A one-sided feed can steer an LLM agent's decision when the model is uncertain but cannot override a firm default.

A machine-rendered reading of the paper's core claim, the machinery that carries it, and where it could break.

The paper tests whether the composition of information feeds affects LLM agent decisions by holding the model, persona, topic, and final prompt fixed while varying only the posts seen in a ten-turn scrolling phase. It identifies three response regimes across thousands of rollouts on four models: adversarial capitulation where the feed changes the outcome, default saturation where it does not, and an asymmetry in which uncertain decisions flip but firm ones resist. The effect follows a dose-response curve, survives a generator swap, and appears in security-relevant domains. This matters because agents act on ranked streams such as feeds or search results, so evaluations must consider the upstream ranker.

Core claim

Across 2,785 decision rollouts on four modern open instruct LLMs, a one-sided feed tips a decision the model was genuinely uncertain about (in the clearest cases from 5% to 100%; Fisher p as low as 3 x 10^-10) but cannot dislodge one it already favors or holds firmly.
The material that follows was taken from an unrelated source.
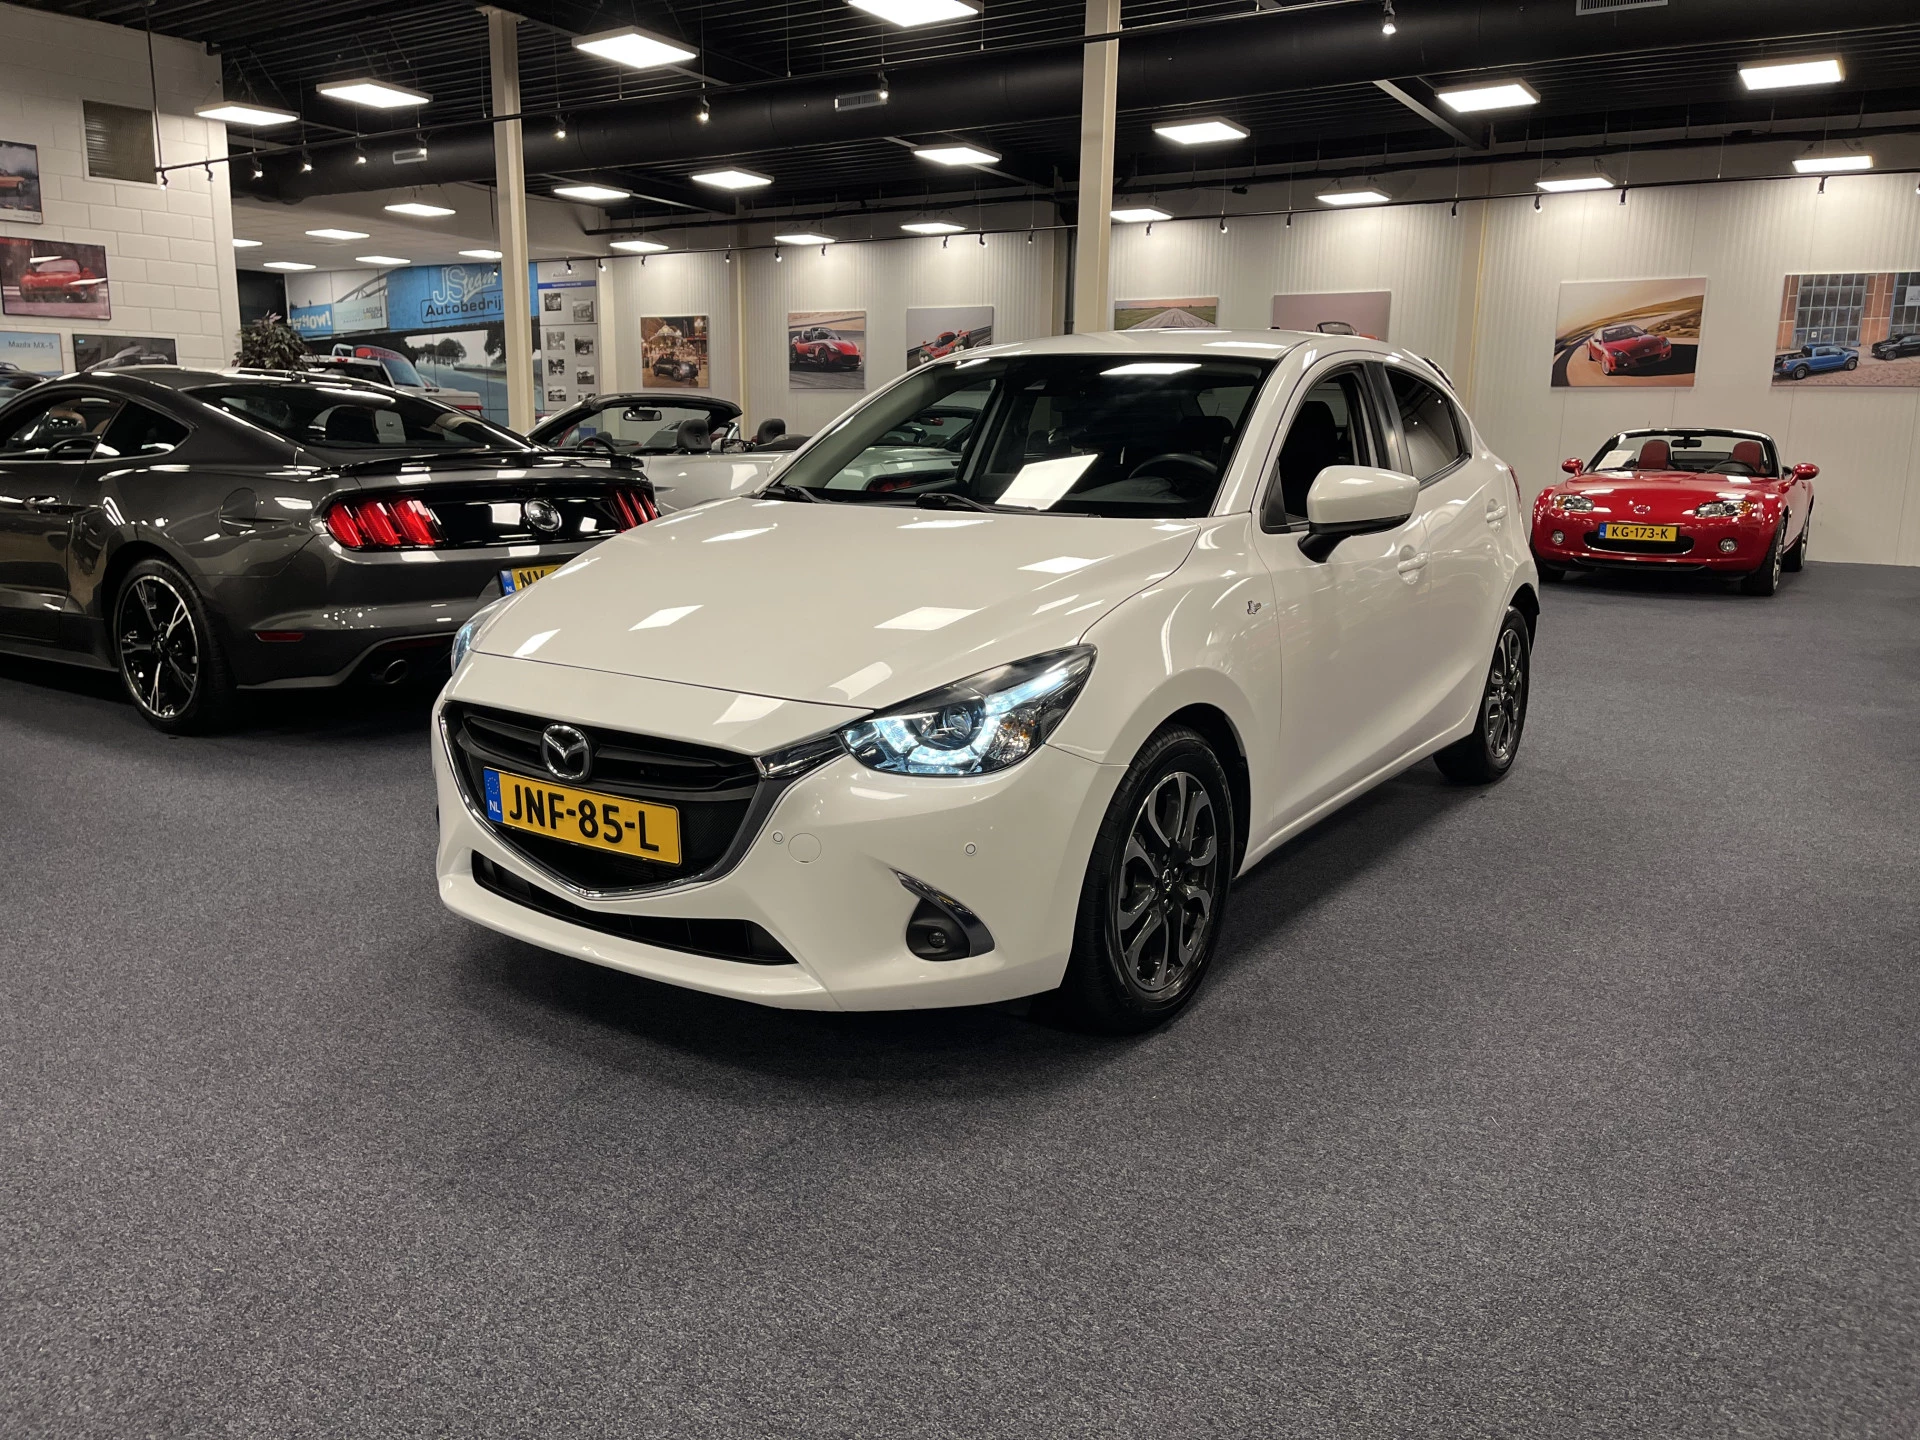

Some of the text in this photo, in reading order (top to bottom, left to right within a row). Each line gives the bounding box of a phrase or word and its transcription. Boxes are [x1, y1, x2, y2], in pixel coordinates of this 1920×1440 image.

The effect follows a dose-response curve, survives a generator swap that rules out a writing-style artifact, generalizes across several decision domains including security-relevant choices, and is partly mitigated by two simple feed-level defenses; a frontier model retains its default.

What carries the argument

The controlled protocol that holds the model, persona, topic, and final decision prompt fixed and varies only the composition and ordering of the posts an agent encounters during a preceding ten-turn scrolling phase.

If this is right

  • The recommender functions as a practical, default-bounded control surface for LLM agents.
  • Agent safety evaluations must audit the feed layer rather than the final prompt alone.
  • Two simple feed-level defenses can partly mitigate the steering effect.
  • The asymmetry and dose-response pattern generalize across decision domains including security choices such as removing deployment gates.

Where Pith is reading between the lines

These are editorial extensions of the paper, not claims the author makes directly.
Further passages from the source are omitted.